» **DATASET RECORDS**
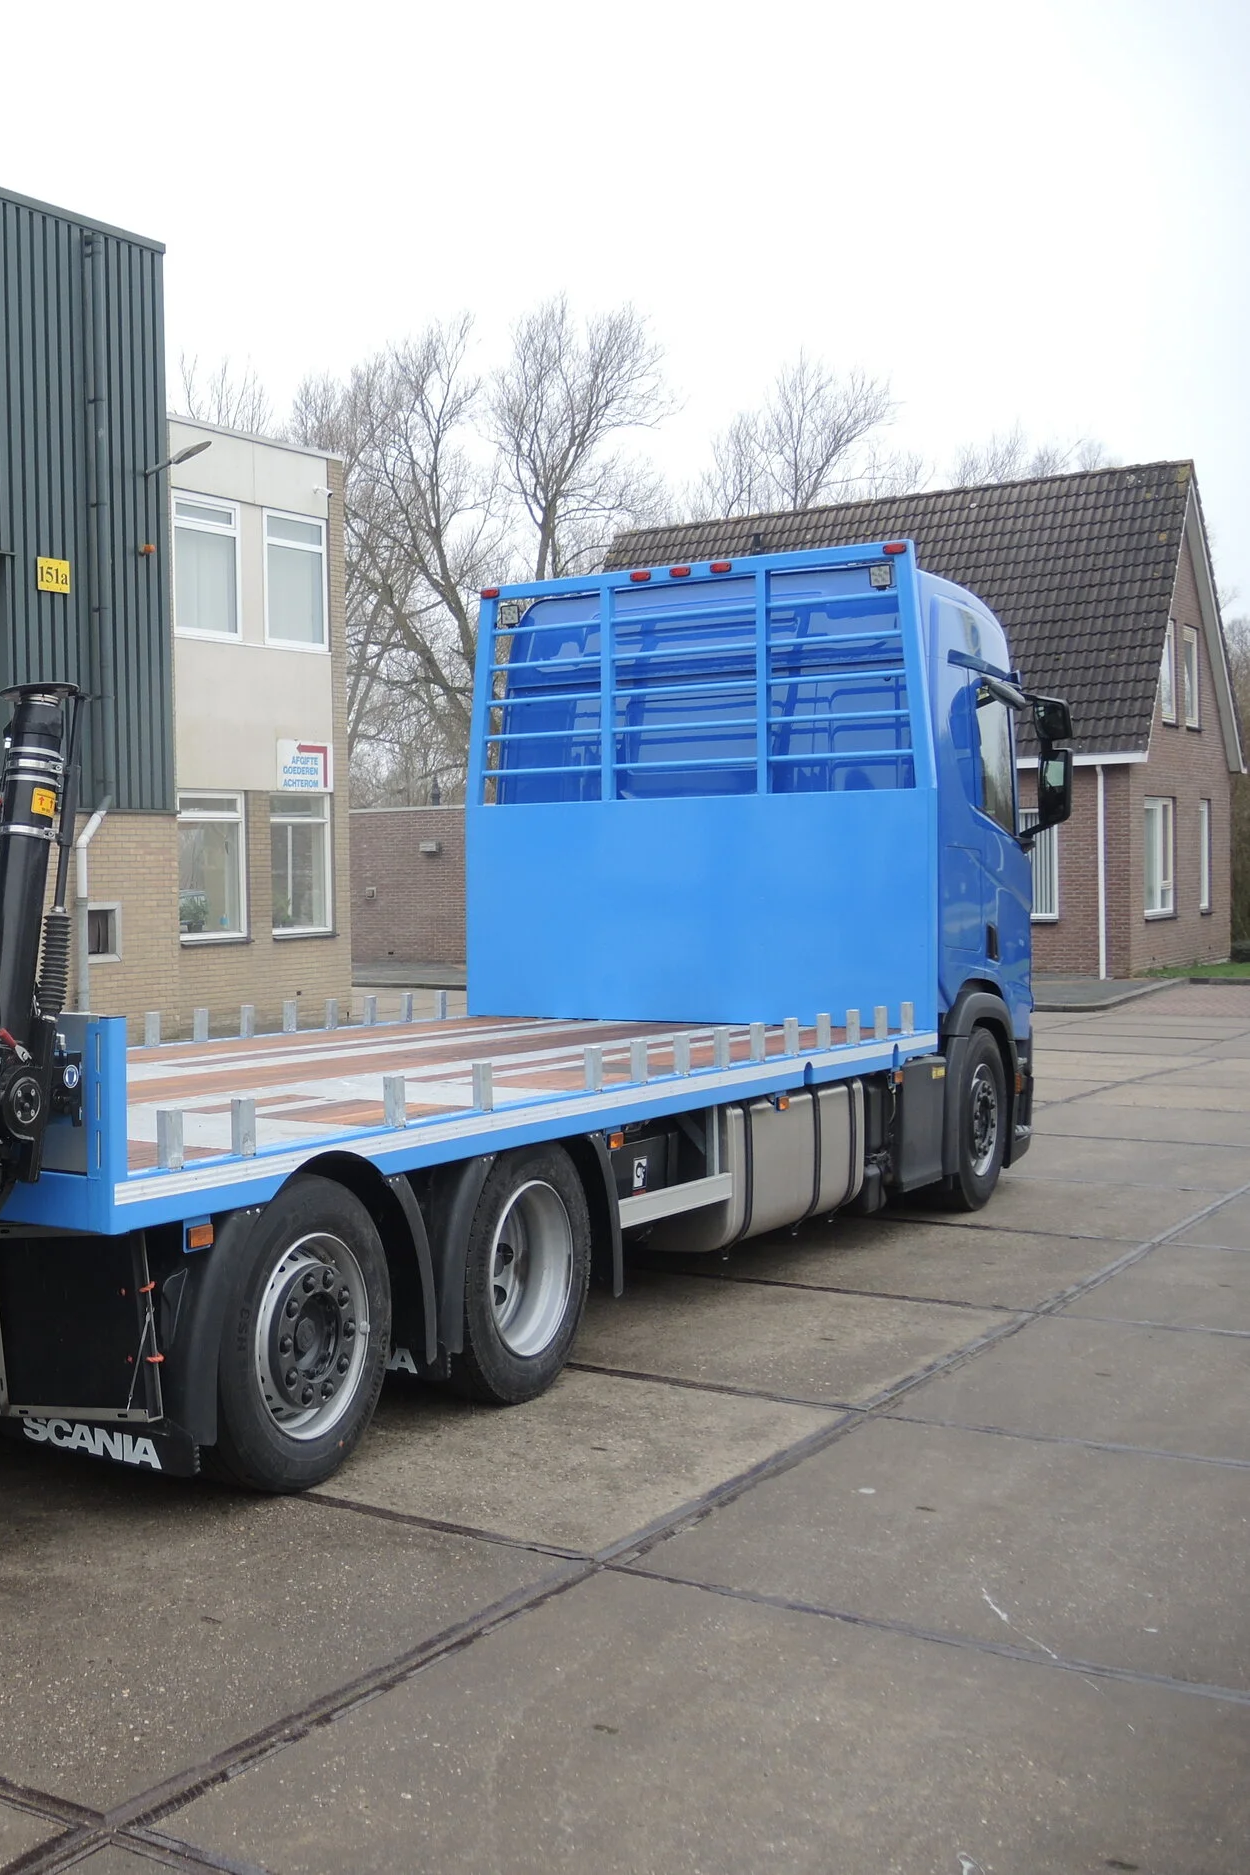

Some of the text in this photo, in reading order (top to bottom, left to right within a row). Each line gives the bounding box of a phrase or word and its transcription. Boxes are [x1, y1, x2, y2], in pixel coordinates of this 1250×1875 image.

[39, 565, 69, 586] 151a
[291, 755, 319, 766] AFGIFTE
[282, 766, 319, 776] GOEDEREN
[282, 779, 319, 788] ACHTEROM
[23, 1417, 163, 1470] SCANIA
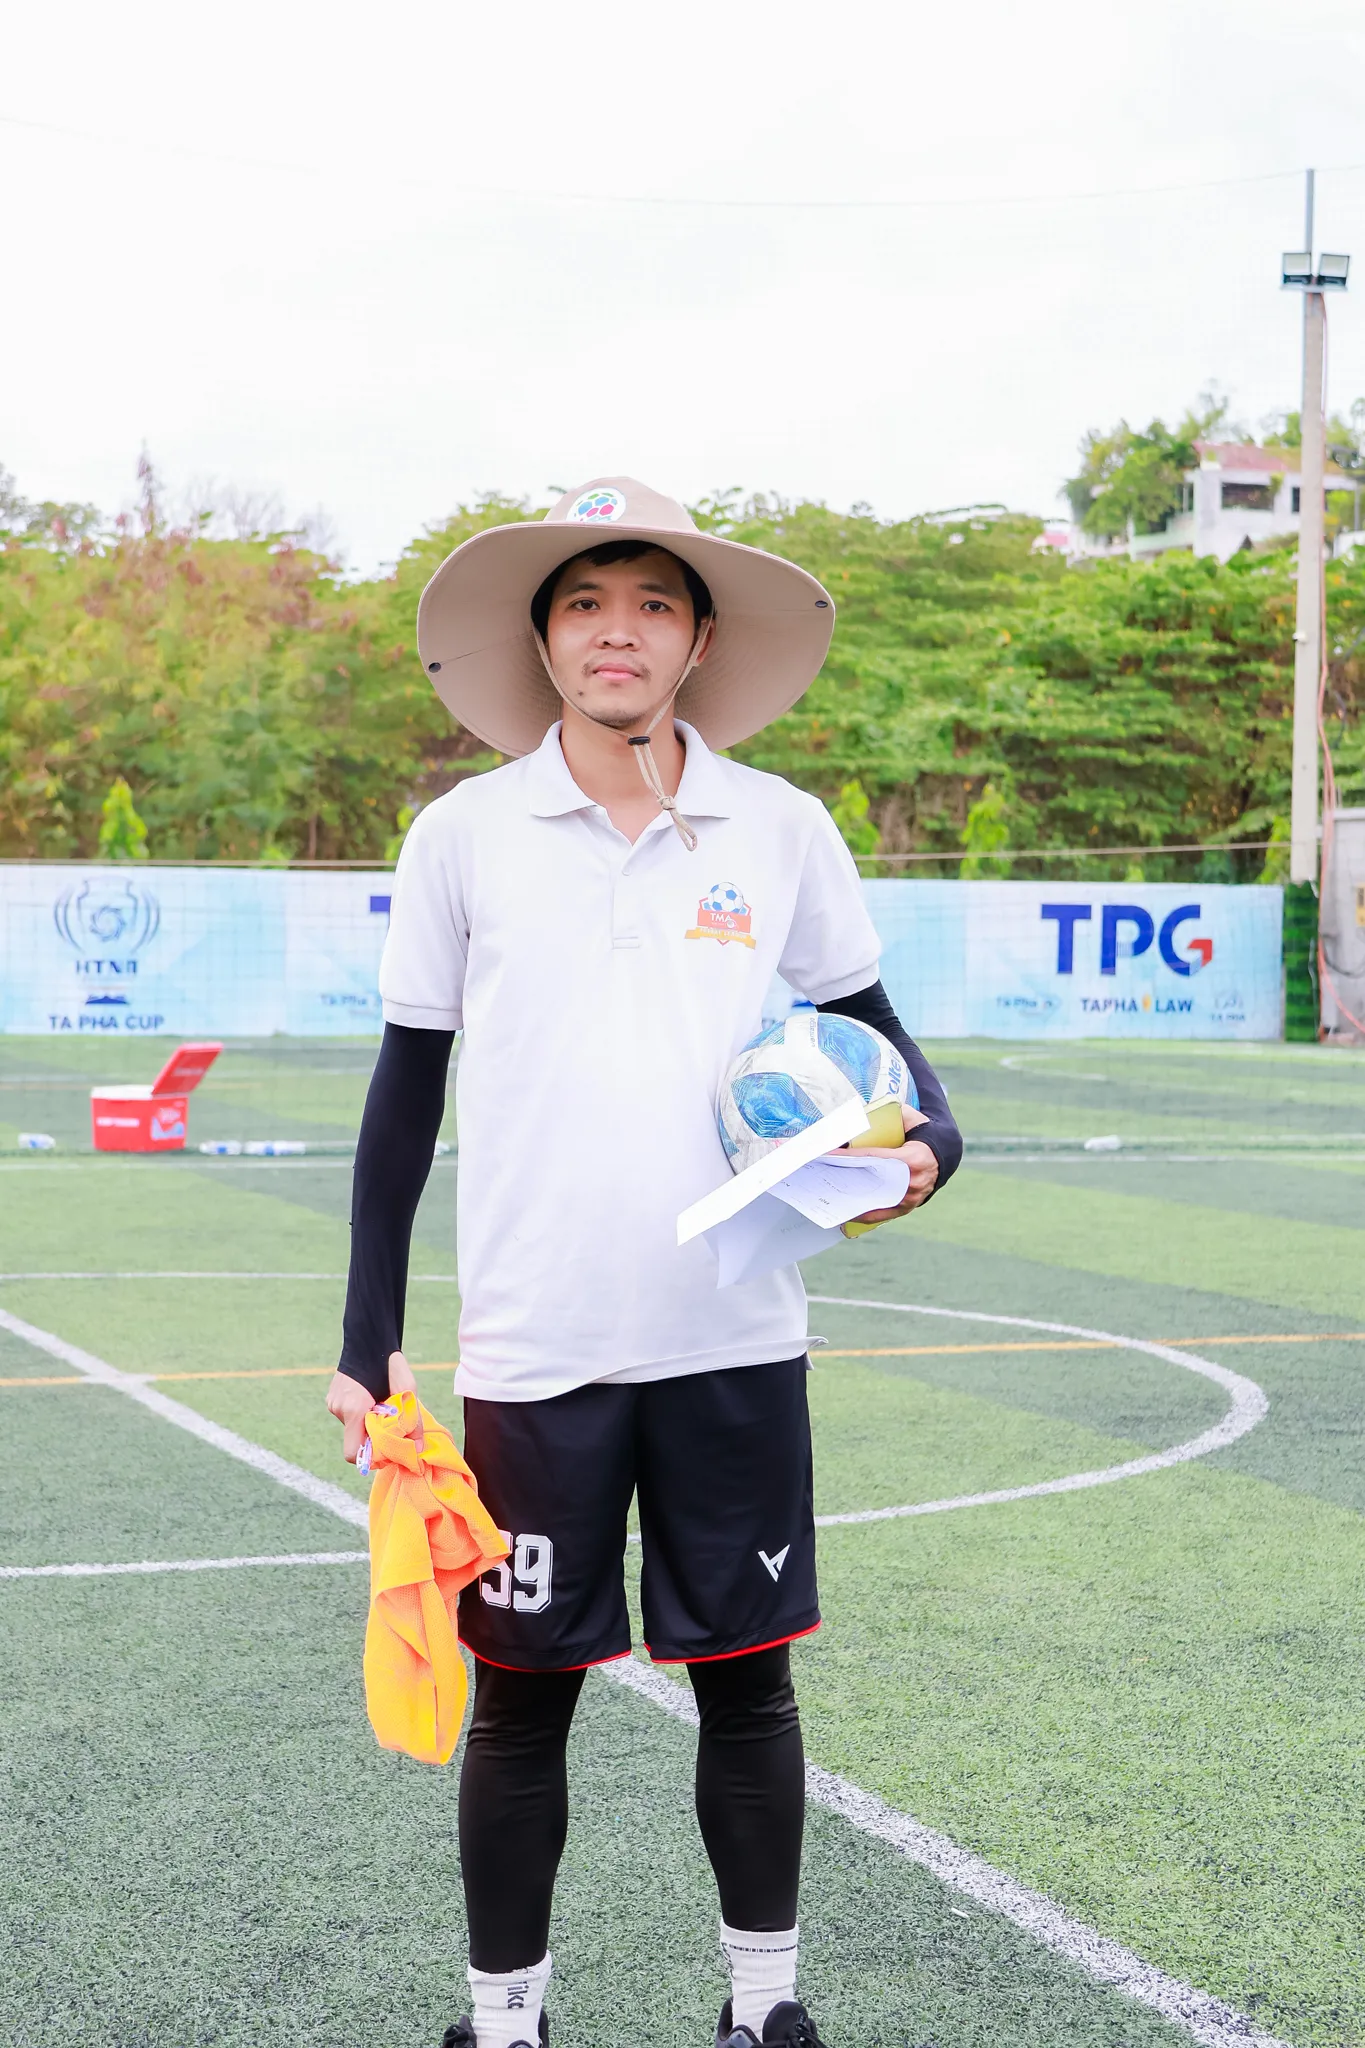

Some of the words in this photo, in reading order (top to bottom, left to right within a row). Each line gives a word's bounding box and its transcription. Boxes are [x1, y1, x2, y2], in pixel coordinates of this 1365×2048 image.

[710, 912, 732, 923] TMA
[1041, 904, 1213, 977] TPG
[1154, 996, 1194, 1013] LAW
[49, 1015, 72, 1029] TA
[79, 1015, 119, 1029] PHA
[125, 1015, 165, 1030] CUP
[886, 1048, 902, 1095] olten

» **PROMPT**
No pictures belong in the copy. Transcribe every entry exactly.

» **RESPONSE AREA**
Some of the text in this photo, in reading order (top to bottom, left to right within a row). Each line gives the bounding box of a phrase or word and its transcription. Boxes are [x1, y1, x2, y2], in pixel coordinates of this 1250×1875 image.

[39, 565, 69, 586] 151a
[291, 755, 319, 766] AFGIFTE
[282, 766, 319, 776] GOEDEREN
[282, 779, 319, 788] ACHTEROM
[23, 1417, 163, 1470] SCANIA

Some of the words in this photo, in reading order (top to bottom, left to right within a row). Each line gives a word's bounding box and its transcription. Boxes are [x1, y1, x2, y2], in pixel coordinates of this 1365×2048 image.

[710, 912, 732, 923] TMA
[1041, 904, 1213, 977] TPG
[1154, 996, 1194, 1013] LAW
[49, 1015, 72, 1029] TA
[79, 1015, 119, 1029] PHA
[125, 1015, 165, 1030] CUP
[886, 1048, 902, 1095] olten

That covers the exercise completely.